As always, given the inequities built into the global economic system, the poorest people in the world have been the hardest hit by slowing economies and rising inflation. Still reeling from the pandemic-induced deterioration of the global economic landscape, low-income countries (LICs) are being hit hard by food and fuel shortages which have resulted in a massive spike in the prices of staples. World Bank economists Carlos Arteta and Sergiy Kasyanenko iterate, in a recently published paper, that this is eroding real incomes, exacerbating food insecurity, and worsening extreme poverty in LICs. Surging world food prices, which reached their highest levels on record this year, are contributing to the rapid rise in LIC inflation. According to data presented in the paper, food consumption accounts for 45 per cent of total household expenditure in low-income economies, and diet is heavily based on staple foods including wheat. All LICs are food-deficit countries reliant on imported foods.
Imports of wheat from just Russia and Ukraine account for about 14 per cent of total caloric intake in a median LIC, compared with just 3 per cent in a median developing economy. Disruptions of wheat imports from Russia and Ukraine and surging global food prices are slowing LIC growth and increasing extreme poverty, particularly in countries where sizable segments of the population were already experiencing acute food insecurity. Sadly, even in poor countries that do not rely on the import of wheat from Russia or Ukraine, millions of people are struggling to afford enough food to avoid hunger. The resultant malnutrition, experts believe, will have very adverse consequences as it will compound the pernicious effects of more than two years of the pandemic on human capital.
Growth forecasts for 2022 presented in the World Bank’s latest Global Economic Prospects report have been downgraded in more than 80 per cent of LICs. Per capita income growth in LICs is projected to be a mere 1.3 per cent, well below that in middle-income countries (2.3 per cent) and high-income countries (2.4 per cent).

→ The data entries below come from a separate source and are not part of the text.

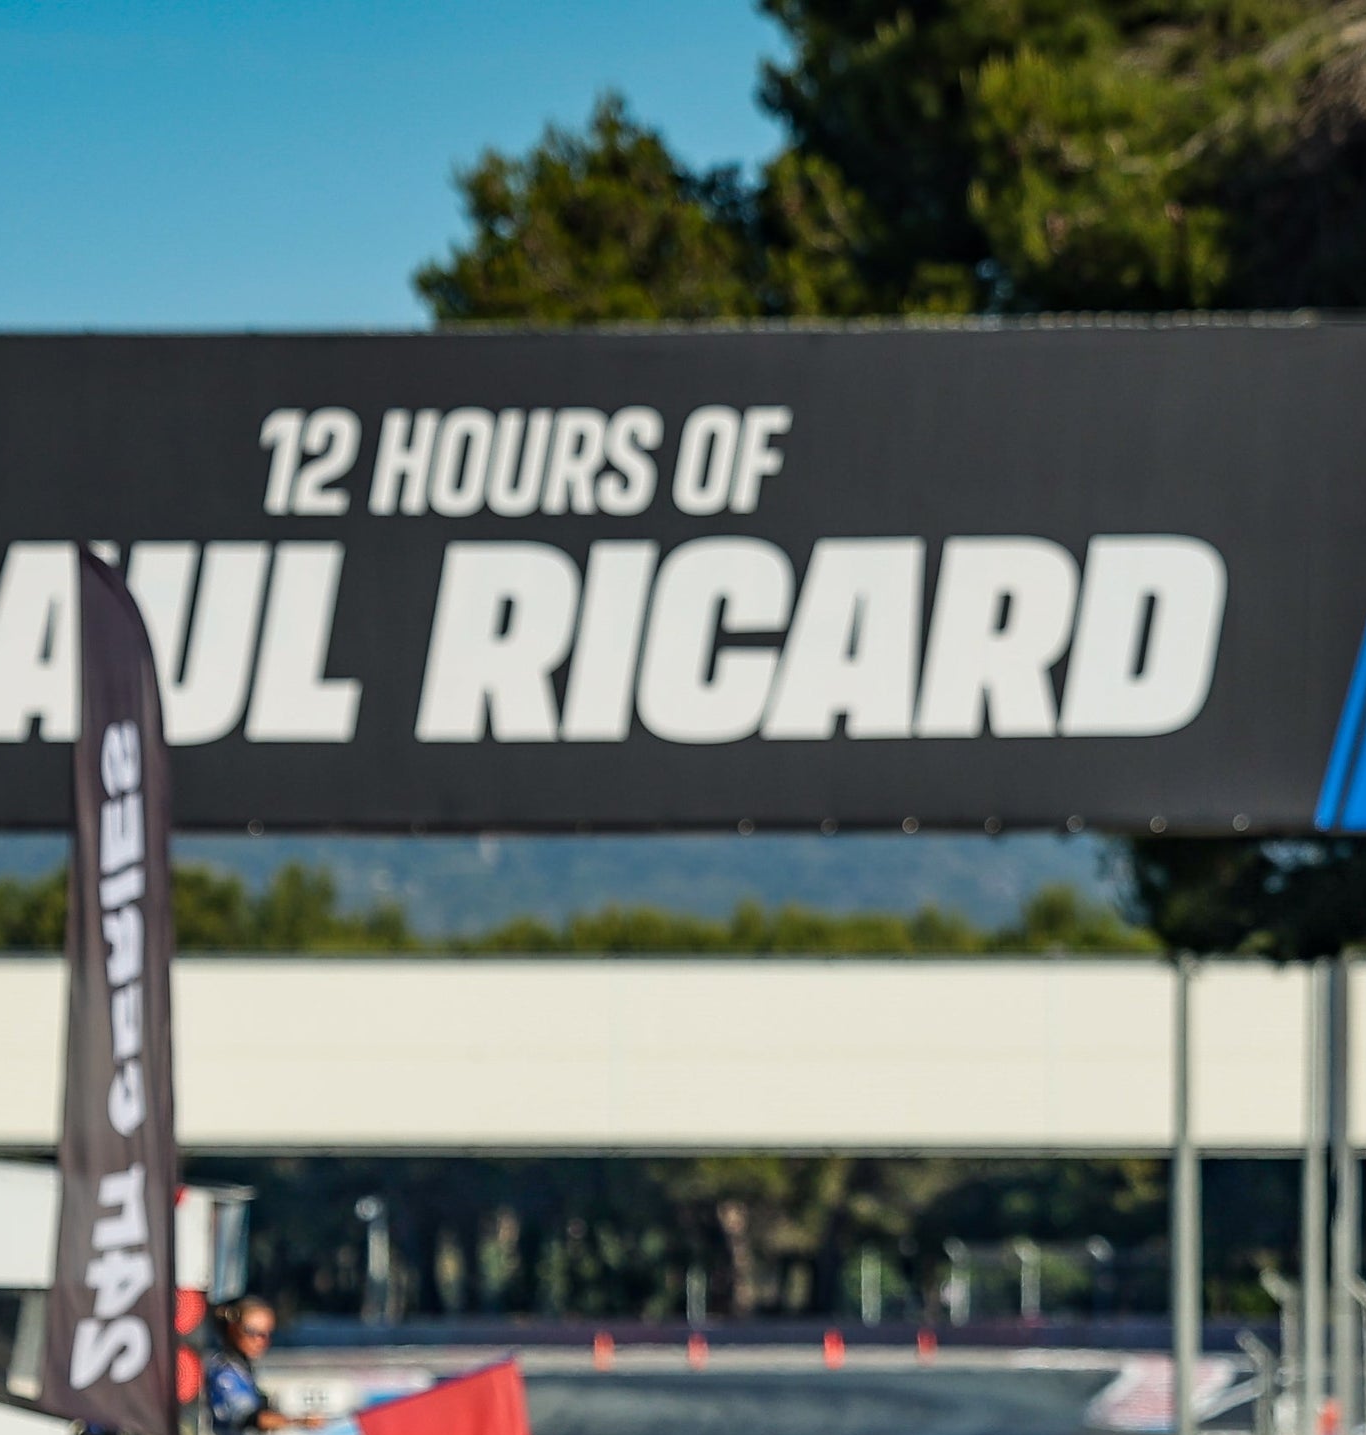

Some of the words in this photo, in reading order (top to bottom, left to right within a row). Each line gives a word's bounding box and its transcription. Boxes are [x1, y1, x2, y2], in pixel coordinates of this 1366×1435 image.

[259, 408, 363, 517] 12
[368, 406, 664, 518] HOURS
[671, 404, 793, 516] OF
[414, 533, 1229, 746] RICARD
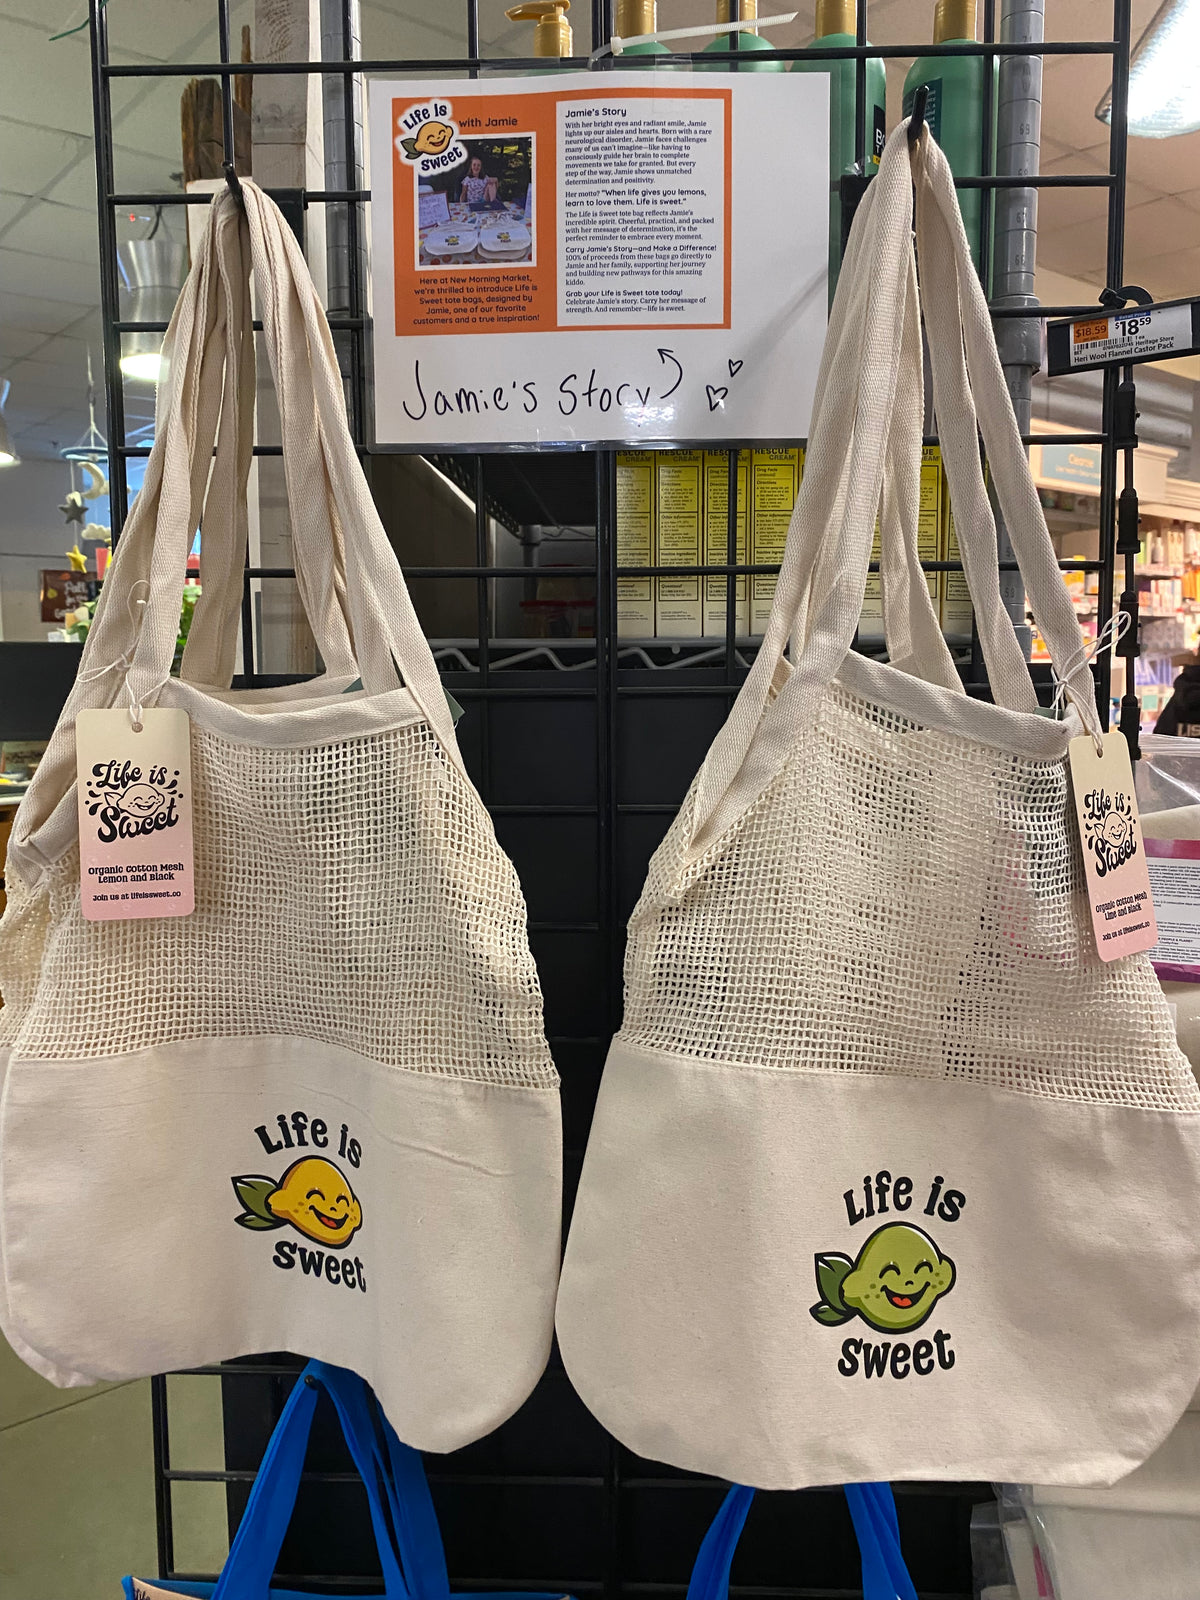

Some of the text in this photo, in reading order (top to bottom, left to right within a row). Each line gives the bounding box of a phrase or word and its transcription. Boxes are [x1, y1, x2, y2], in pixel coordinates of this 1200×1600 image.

[403, 108, 430, 130] Life
[459, 117, 518, 127] with Jamie
[566, 108, 626, 118] Jamie's Story
[469, 276, 500, 284] Morning
[502, 274, 532, 282] Market,
[463, 296, 484, 304] bags,
[486, 295, 520, 303] designed
[523, 294, 532, 302] by
[1075, 325, 1106, 337] $18.59
[1074, 355, 1088, 363] Heri
[1090, 352, 1106, 361] Wool
[1108, 348, 1132, 358] Flannel
[1134, 345, 1156, 353] Castor
[1158, 342, 1173, 350] Pack
[403, 360, 652, 427] Jamie's Story
[92, 759, 168, 791] Life is
[1084, 788, 1124, 821] Life is
[98, 797, 179, 843] Sweet
[1095, 824, 1136, 877] Sweet
[88, 862, 184, 875] Organic Cotton Mesh
[98, 872, 174, 883] Lemon and Black
[1096, 891, 1147, 913] Organic Cotton Mesh
[1105, 902, 1142, 920] Lime and Black
[254, 1111, 362, 1168] Life is
[843, 1170, 966, 1226] Life is

To make matters worse, as interest rates rise and financial conditions tighten, higher risk aversion would lead to increases in borrowing costs in LICs, say Arteta and Kasyanenko. High levels of public debt and increased non-concessional borrowing could further stall progress in debt relief; approximately one-fourth of all LIC external debt today has variable interest rates, compared to just 11 per cent in 2010.

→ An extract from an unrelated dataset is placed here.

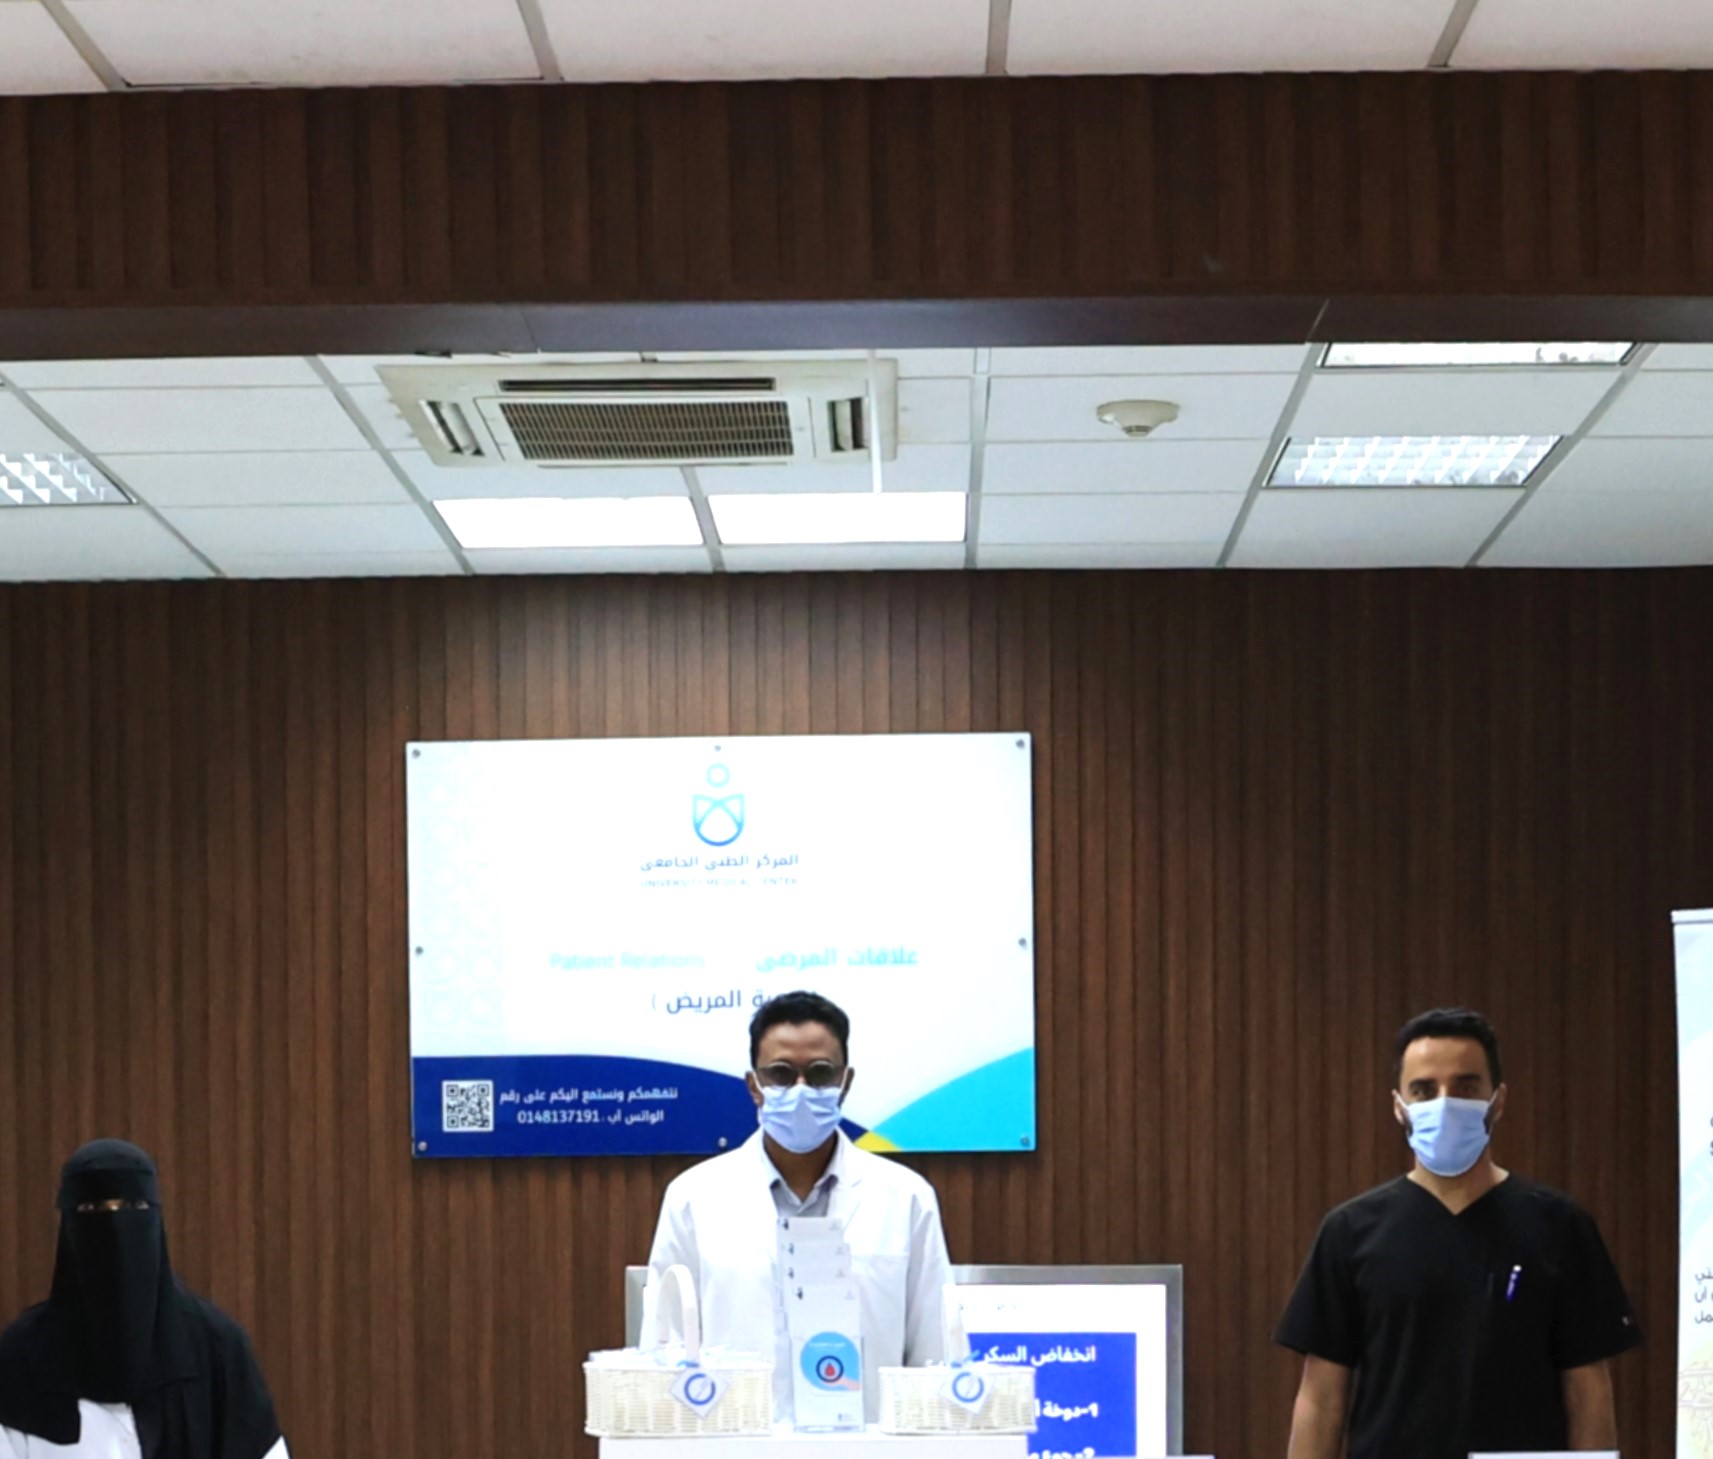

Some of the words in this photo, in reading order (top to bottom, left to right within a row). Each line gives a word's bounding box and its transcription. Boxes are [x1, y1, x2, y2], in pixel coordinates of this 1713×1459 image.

What, then, can be done to mitigate such an unacceptable situation? Well, for starters, richer nations must show more resolve in dismantling the structural advantages which continue to accrue to them in the post-colonial world, building as they do on the pillage of previous centuries. Equally, the largely corrupt and often venal ruling elites in charge of the welfare of some of the world’s poorest people in LICs must be pressured by the international community to mend their ways. A concerted global effort is necessary to bolster food security, coordinate debt relief, expand vaccination campaigns, and encourage policies that make LICs more resilient to climate change shocks.